My recollection from the discussion that led to the ballot was that
this line in the BRs was specifically to create a special hard fail if
the zone was properly signed but the server returned an error when
looking up CAA records.

As a big of background, in order to be properly signed, the zone must
have unexpired signatures over at least the SOA record (as this is the
minimal allowed signature when using NSEC3 with Opt-Out).
Additionally this case never exists with zones signed using NSEC or
NSEC3 without opt-out, as they will provide a either a denial of
existence or a signature that disclaims CAA record type existence.
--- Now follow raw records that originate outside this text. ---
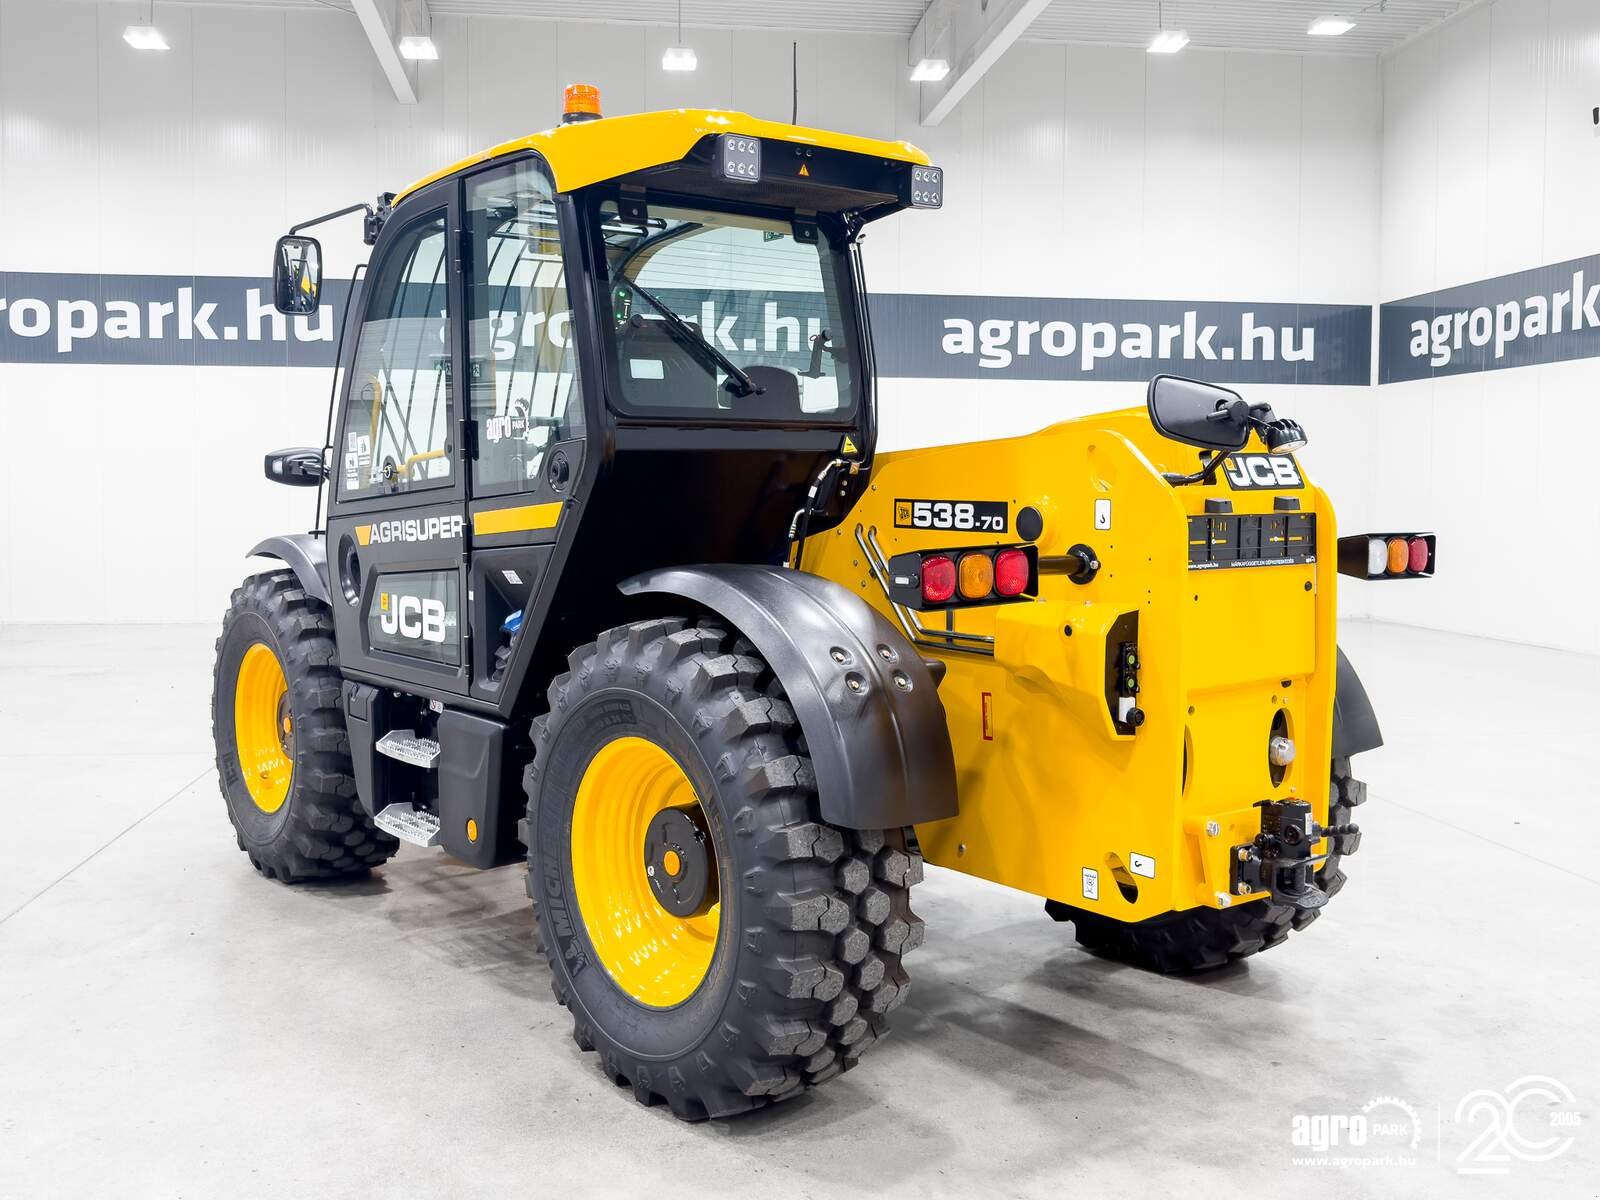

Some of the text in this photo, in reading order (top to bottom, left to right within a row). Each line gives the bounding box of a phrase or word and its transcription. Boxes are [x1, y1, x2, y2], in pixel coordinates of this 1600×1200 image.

[0, 287, 334, 353] opark.hu
[941, 310, 1315, 371] agropark.hu
[1228, 456, 1300, 487] JCB
[370, 515, 463, 545] AGRISUPER
[381, 594, 446, 642] JCB
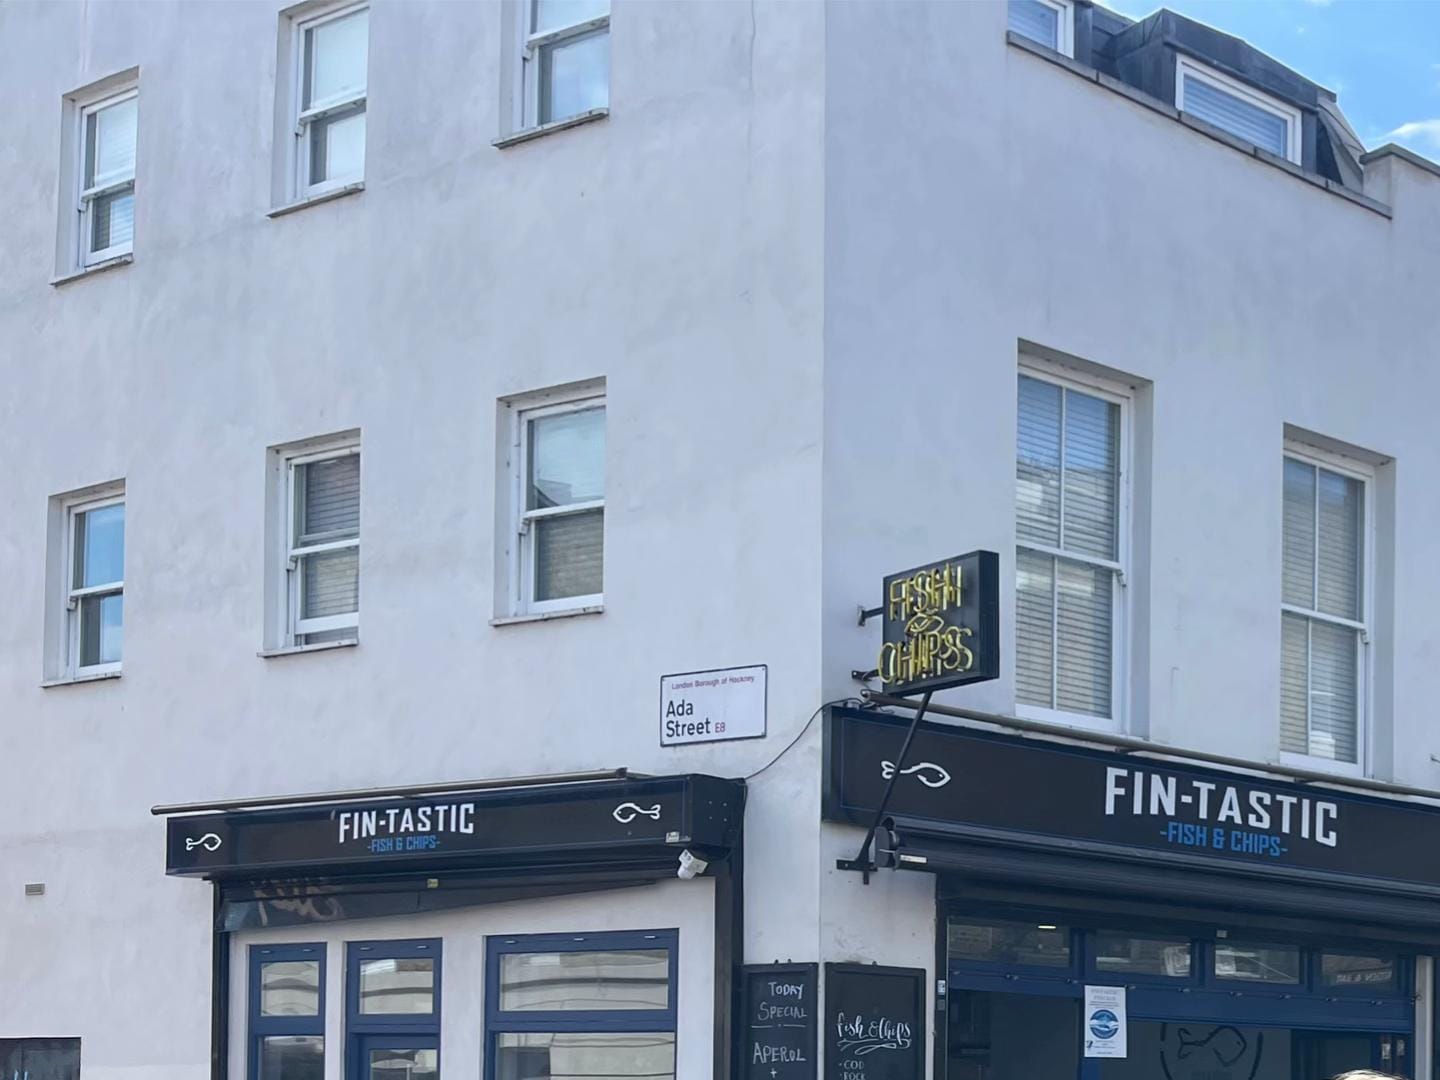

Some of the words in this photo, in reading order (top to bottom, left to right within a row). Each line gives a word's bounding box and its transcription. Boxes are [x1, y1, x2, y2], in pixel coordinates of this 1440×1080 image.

[666, 699, 694, 718] Ada
[666, 717, 711, 738] Street
[714, 722, 726, 733] E8
[1105, 766, 1337, 848] FIN-TASTIC
[339, 803, 475, 843] FIN-TASTIC
[396, 837, 403, 851] &
[1212, 828, 1225, 849] &
[768, 981, 804, 1000] TODAY
[757, 1001, 808, 1021] SPECIAL
[752, 1041, 807, 1065] APEROL
So this bullet in the BRs only triggers when:
- SOA record has a valid signature
- There is a DNSKEY for the zone that matches the DS record in the parent zone
- The DS record in the parent zone is signed
- The above three are true for all zones back to the root zone
- The request for a CAA record for the QNAME returns an error
- The request for DNSSEC information for the QNAME succeeds
- The DNSSEC information does not provide information on the name
(e.g. is for records before and after but the opt-out flag is set)

In all of these are present, the CA may not issue.  If the DNSSEC
information is valid and says there is a CAA record in the type
bitmaps but the server returned an error for CAA records, then the CA
must not issue.

I don't think your tests cover either of these cases.  I think any
other case allows issuance as it follows the path of no CAA record.